Zebian self-published her first book in January 2016, a compilation of reflections called Mind Platter. She described it as a "compilation of reflections on life as seen through the eyes of an educator, student, and human who experienced her early days in silence." Upon its publication, it helped raise $2,300 where 100% of the profits for the first month was donated to the Syrian Refugee Fund in London. Zebian also distributed a percentage of the profits to summer activities run by the city for high school students. The revised and expanded version of the book was published in March 2018 by Andrews McMeel Publishing. Her work slowly gained public recognition on social media by celebrities such as Mathieu Kassovitz, Lisa Rinna, LeAnn Rimes, and Hilary Swank.

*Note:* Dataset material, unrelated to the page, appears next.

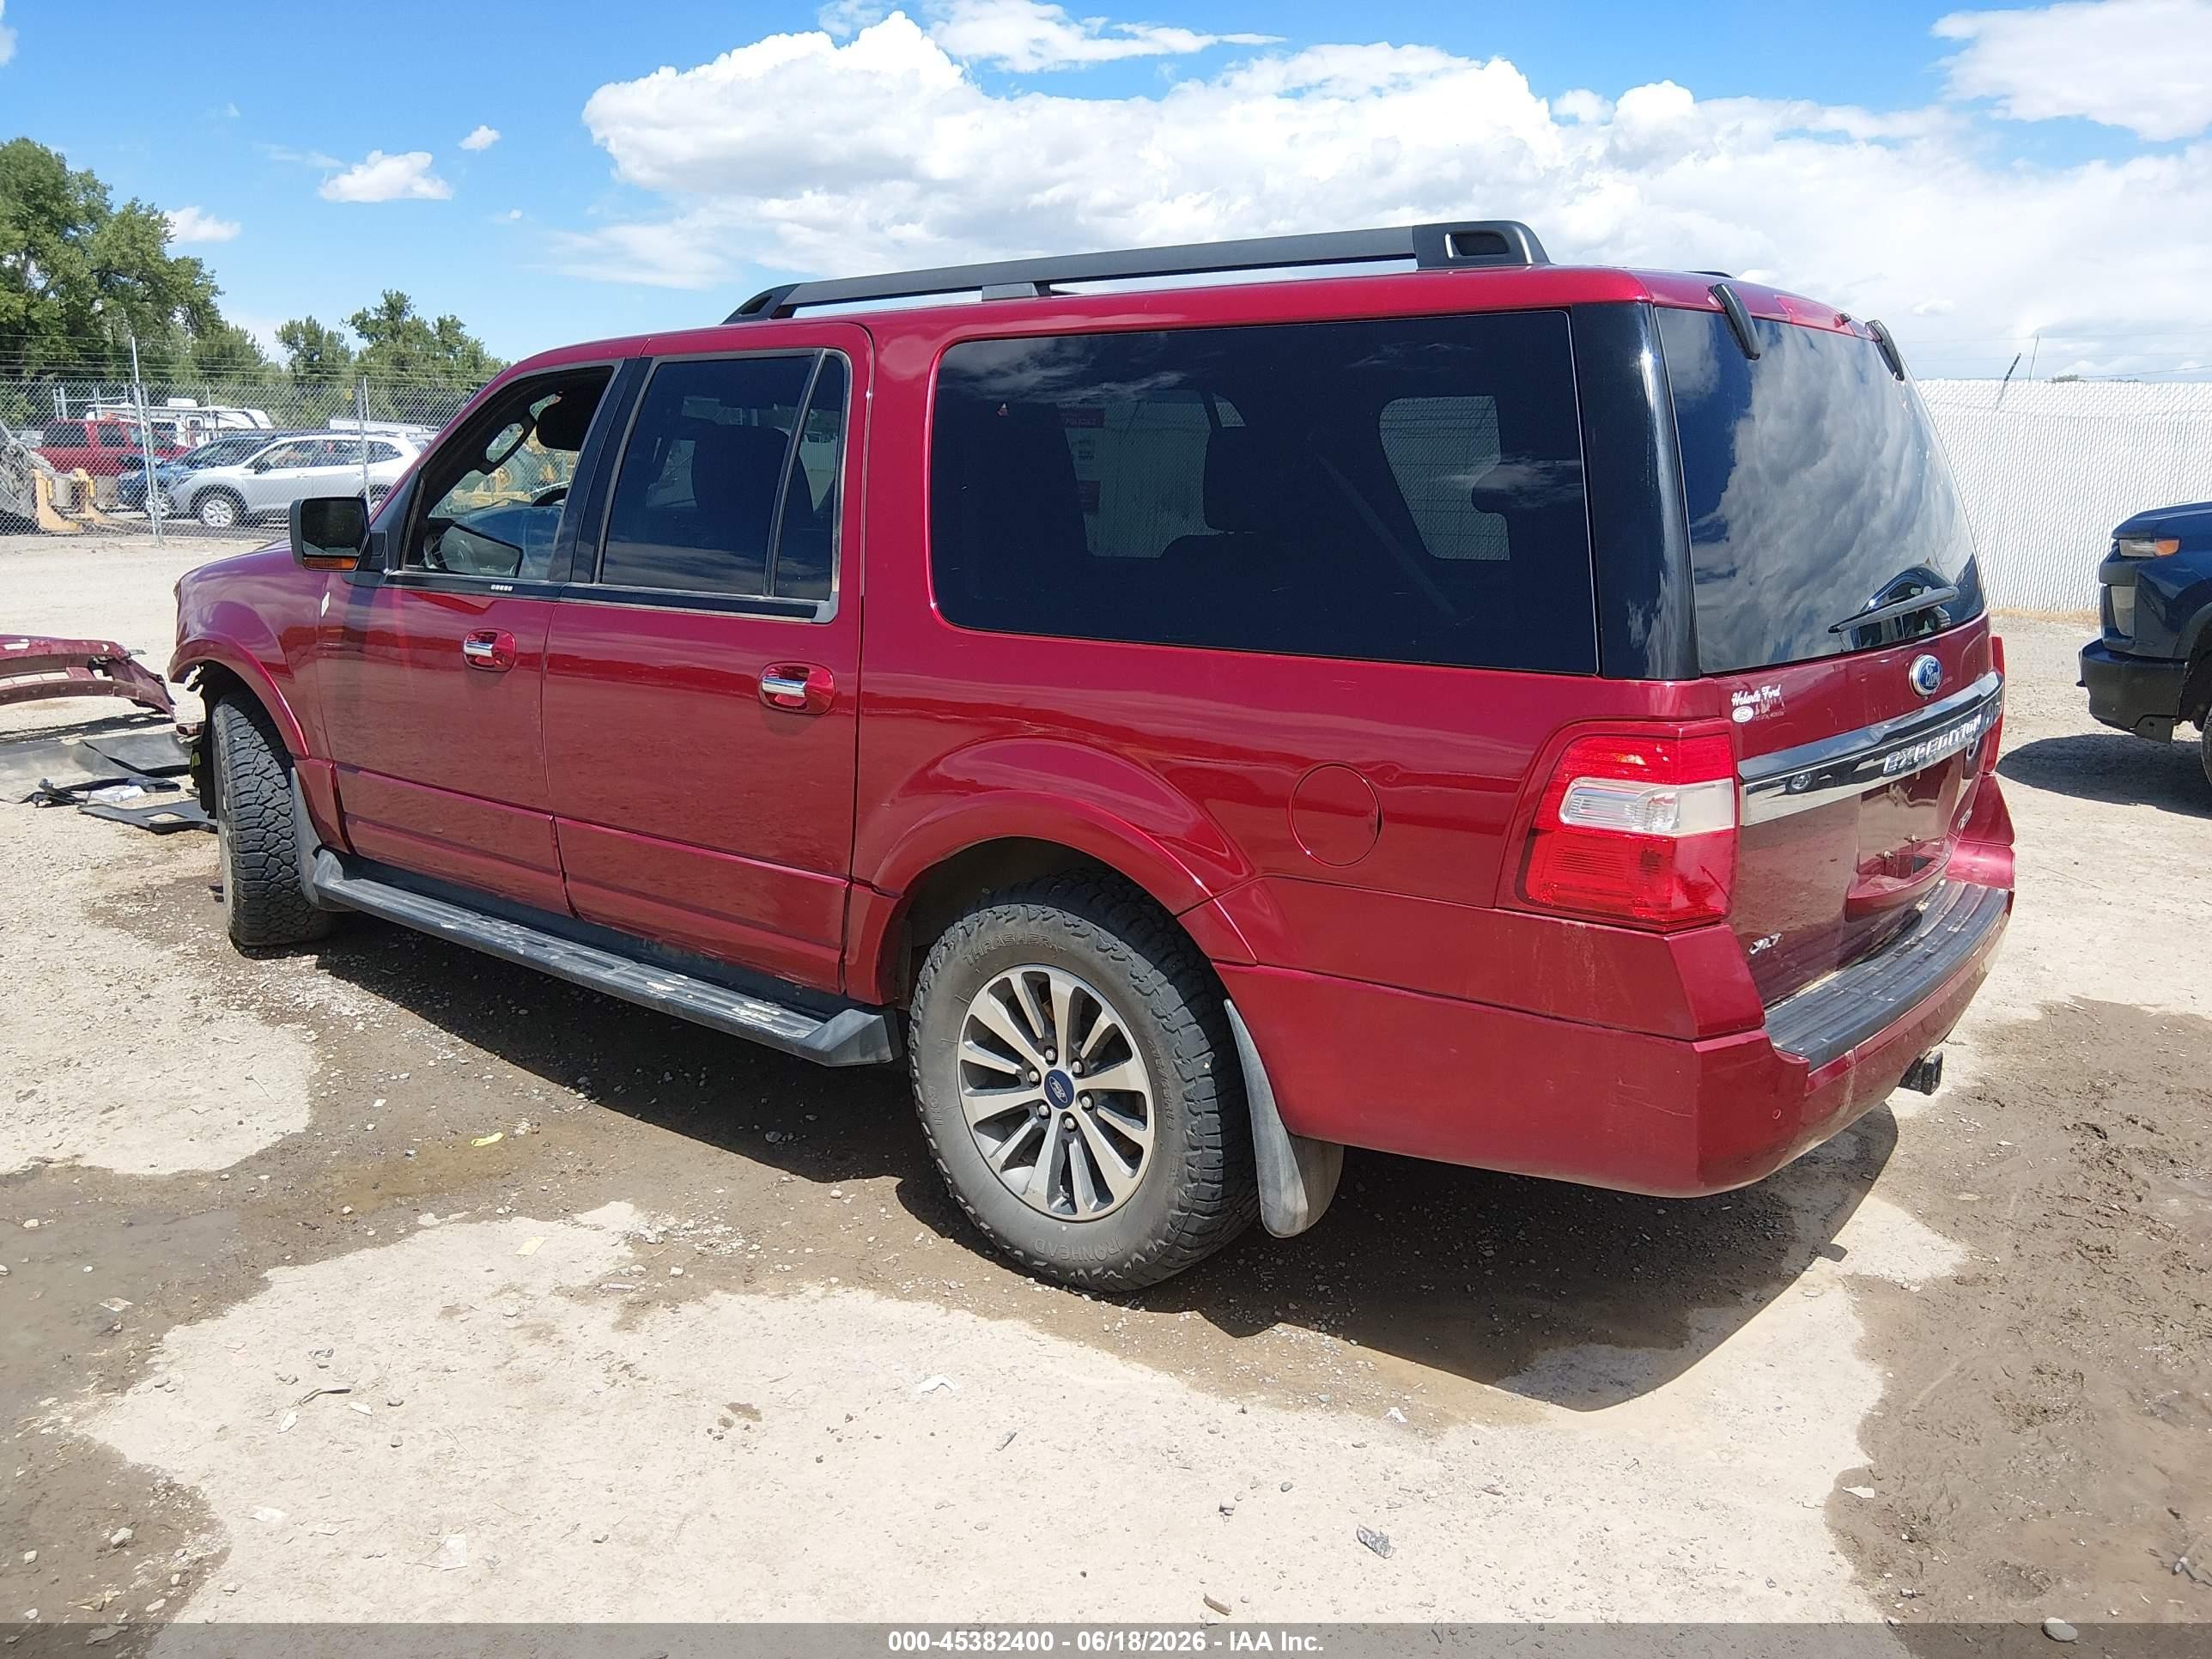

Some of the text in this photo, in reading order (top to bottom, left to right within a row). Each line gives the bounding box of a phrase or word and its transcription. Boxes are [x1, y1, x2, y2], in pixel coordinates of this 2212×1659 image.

[1761, 684, 1782, 700] Ford
[963, 932, 1053, 966] THRASHER
[1034, 1236, 1124, 1262] IRONHEAD

Her second book, The Nectar of Pain, was a collection of poetry and prose self-published in October 2016. Zebian wrote about feelings that emerged from a painful heartbreak. A revised and expanded version of the book was published in March 2018 with Andrews McMeel Publishing.

In 2017, Zebian took part in the forefront of the Me Too movement when she talked about the repercussions of coming forward with sexual harassment accusations (and a subsequent investigation) about an authority figure where she worked as a teacher. She wrote "I was blamed for it. I was told not to talk about it. I was told that it wasn’t that bad. I was told to get over it." and was referenced by the New York Times. Her poem went on to be featured in news stories about the Me Too movement from The Huffington Post, BBC News, CBS News, and Glamour.

Zebian faced another public incident when, as a Muslim woman, she decided to remove her hijab.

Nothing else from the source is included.